Donald Trump knows a thing or two about myth making. His entire life is a conman’s fast-talking fantasy of fabulism. Here’s my attempt to summarize his career track in my recent Newsweek article:
He took an initial $413 million (in 2018 dollars) inheritance from his father and invested it in a string of doomed enterprises. He was such a bad businessman that he went bankrupt six times. By 2021, Trump would have actually been worth more if he had never touched his dad's money and just let it ride in the stock market.
But like Musk, Trump's one clear talent is that he is a fantastic hype man for his own story. On the verge of financial ruin, he was saved by re-selling his myth via The Apprentice. And then Trump did it again two decades later, when in 2024 he was in real danger of getting wiped out by almost $500 million in legal penalties. He was pulled out of the danger zone by the meme stock-like explosion of Truth Social.
He knows that he has to project success, dominance, adulation, and above all, wealth at all times…no matter what the underlying truth is, or how obvious the artifice is. It is the only way to keep the con going.
That’s why his first public act in 2017 was to send the hapless Sean Spicer in front of cameras to claim that there were historic crowds at his inauguration, a lie so obviously hollow that he had to send Kellyanne Conway slinking out a few minutes later to describe the newfound discovery of “alternative facts.”
That’s why the runup to Trump’s big military parade—ostensibly to celebrate the 250th birthday of the US army but actually just to make Trump look powerful—was a Potemkin village speech at Fort Bragg that Leni Riefenstahl couldn’t have designed better.

Look at how Military.com described it:
Internal 82nd Airborne Division communications reviewed by Military.com reveal a tightly orchestrated effort to curate the optics of Trump's recent visit, including handpicking soldiers for the audience based on political leanings and physical appearance. The troops ultimately selected to be behind Trump and visible to the cameras were almost exclusively male. One unit-level message bluntly said "no fat soldiers."

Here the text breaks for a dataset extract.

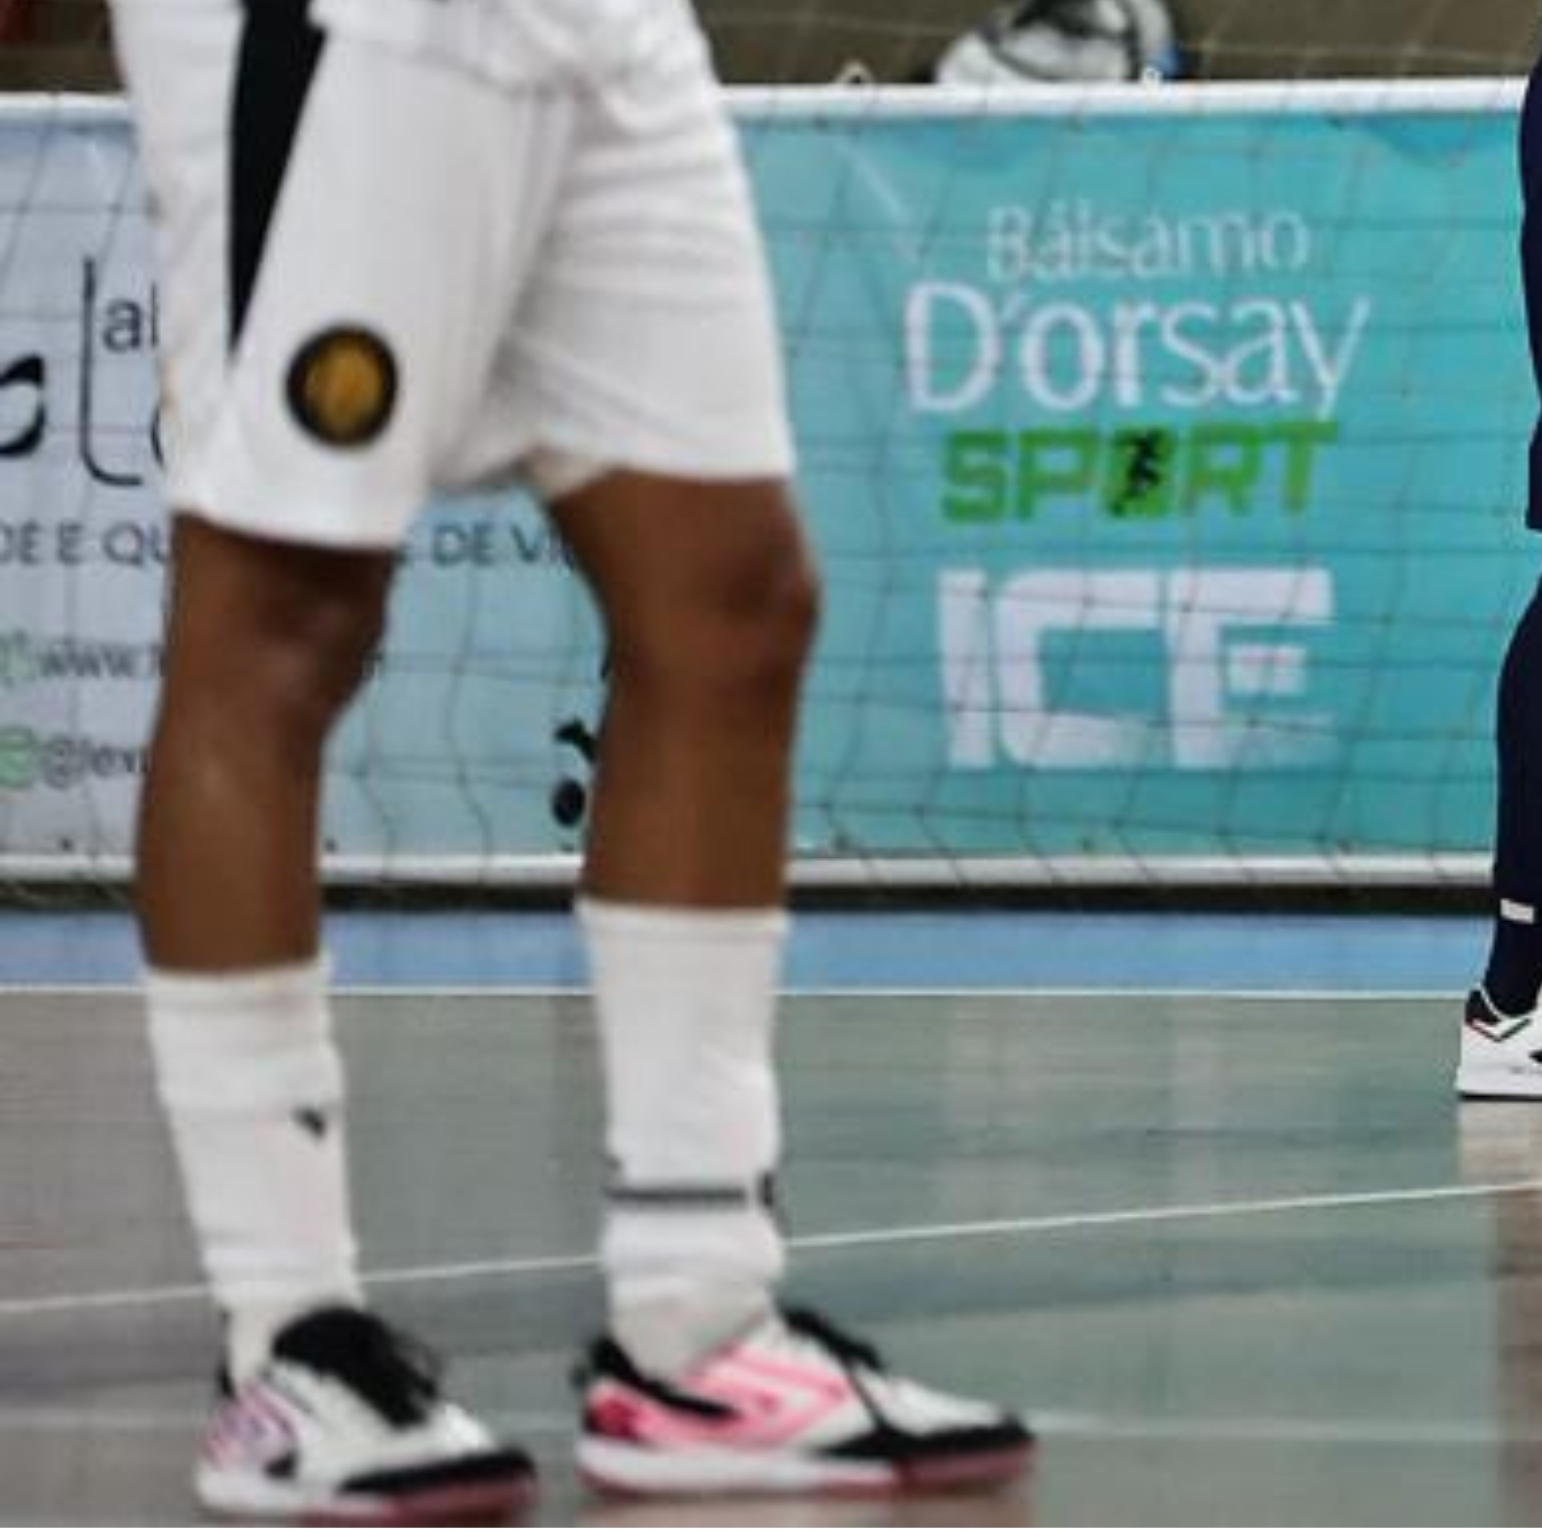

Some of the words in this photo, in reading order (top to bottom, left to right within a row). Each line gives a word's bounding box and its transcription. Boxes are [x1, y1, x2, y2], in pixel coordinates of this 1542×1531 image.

[988, 198, 1312, 280] Bálsamo
[941, 420, 1339, 524] SPORT
[937, 567, 1333, 769] ICE

Service officials declined to comment when asked about the extent to which troops were screened, whether soldiers displaying partisan cheers on television -- a violation of long-standing Pentagon rules -- would be disciplined or if soldiers who objected to participating in the event, citing disagreements with the administration, would be disciplined or admonished in any way.
No, there’s nothing creepy at all about selecting square-jawed white fanboys to scream behind you as you trash your enemies and promote your military parade. And of course, there was the parade itself: a desultory affair where tanks rumbled down increasingly potholed streets, to tiny crowds that left early (not that that stopped White House spokesman Steven Cheung from laughably claiming that 250,000 people showed up).
But nothing could stop the contrast to the millions — 5 million at least, possibly double that — who showed up around the country to protest him in the “No Kings” demonstrations. Nothing, that is, except for the collective media yawn. As veteran journalist
put it:One of the largest protests in American history occurred over the weekend, and it was overwhelmingly peaceful. The national news media covered the “No Kings” rallies and marches dutifully, but not particularly loudly. The protests were mostly useful to the media as visuals – big crowds, clever signs, cute costumes. What was disappointing to me was how quickly the “No Kings” protest story went away. By Sunday, it was barely mentioned on the homepages of many major news websites. Where were the “follow” stories about what 2,000 protests in 50 states might mean for Trump's public support and whether the resistance is gaining traction? What about a story on the non-confrontational tactics of the protest organizers? Maybe those are coming soon, but I haven’t seen them yet.
And yet, this kind of contrast is happening more often, and more starkly. The fantasy is crashing into reality. Trump’s lifelong strategy has been to sprint ahead of it, double down on the inventions, distract, dance, create new outrages to divert attention, and overall try to brazen his way through. And too often, it’s worked.
But as his tariffs collide with economic reality—and his fantasy of winning trade negotiations against competitors (China) and friends (European nations) spirals out; as prices rise and the economy begins to slow (both have happened in the past two weeks); as his tales of easy wins in global conflicts in Iran, Gaza, and Ukraine become more transparently empty; as his deportation push gets smacked down by more courts and exposed as spit-and-sealing-wax performance cruelty; as the truth about his Medicaid cuts to pay for billionaire tax cuts becomes unavoidable…the big question remains.
Is now the time, finally, when it will all catch up to him?